Yatakhanemizin arka tarafındaki tek katlı binada yemekhanemiz, yanında da sadece Pazar günleri yakılan ve büyükten küçüğe sınıf sırasıyla banyo yapabildiğimiz küçük bir hamamımız vardı. Sabah saatlerindeki sıcak su akşama kalmaz, alt sınıflar soğuk suda yıkanmak zorunda kalırdı. Hafta arası banyo ihtiyacımız olduğunda ise ya nöbetçi öğretmenin izniyle şehir hamamlarında, ya da buz tutmuş bidonun içinden su alarak kendi hamamımızda yıkanırdık.

Yatakhane binamızın ön tarafında şimdi cadde olan yerde derslikler ve yönetim olarak kullanılan ve yıllar önce yıkılan iki katlı küçük ahşap bina 500’e yakın öğrenciye yeterli olmazdı. Bu nedenle de yatakhanemizin yan tarafında olan yarım daire şeklindeki Amerikan barakalarında ders yapardık.
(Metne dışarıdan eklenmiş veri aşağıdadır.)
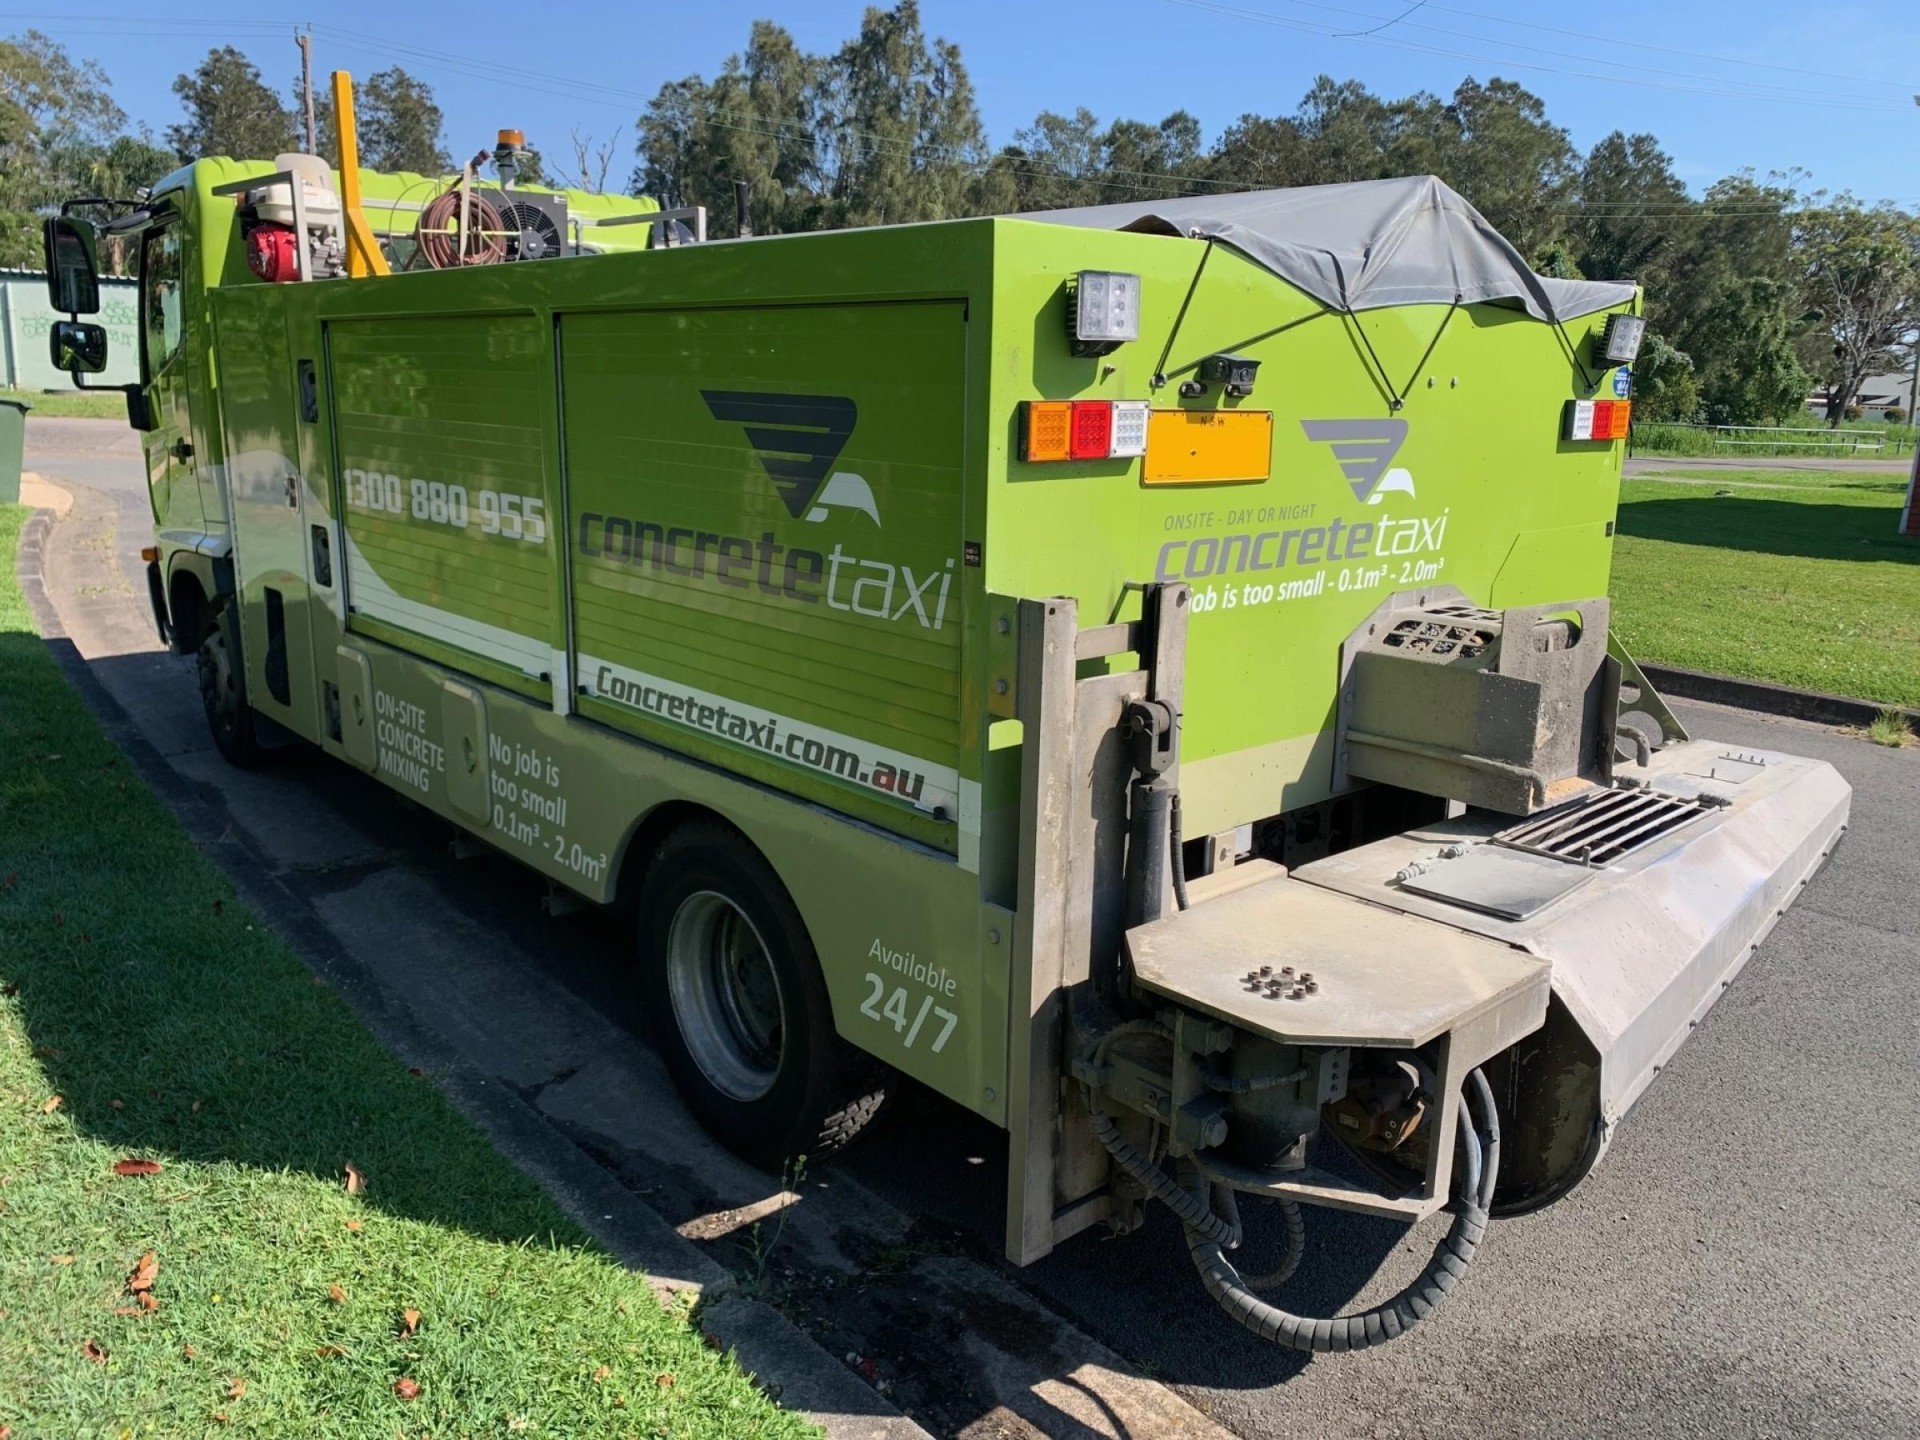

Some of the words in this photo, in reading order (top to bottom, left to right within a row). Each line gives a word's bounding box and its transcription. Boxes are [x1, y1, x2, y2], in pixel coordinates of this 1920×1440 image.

Minicik iki penceresinden içeri ne kadar ışık girebilirse o kadar aydınlık olan Amerikan barakalarında.

Yeri gelmişken söyleyeyim; belki Amerika’nın barakasında okuduk ama hiç birimiz Amerikan köpeği olup onlara kuyruk sallamadı. Solcu olduk, devrimci olduk, ülkücü, Turancı olduk ama Amerikan köpeği olmadık. Sürüldük, öldürüldük, haksızlıklara uğradık ama hiçbir zaman kendimizden ödün vermedik. Bizi böyle yetiştirenlerden Allah razı olsun. Şu anda elinizde tuttuğunuz gazetenin yazar kadrosundan Muzaffer GÜNDOĞAR, Bahri GÜVEN, Sami AKPINAR, Hasan Ali ÖZCAN, Zeynal GÜL, Osman ÇEVİKSOY ve daha niceleri o okullardan ve yatakhanelerden yetiştik.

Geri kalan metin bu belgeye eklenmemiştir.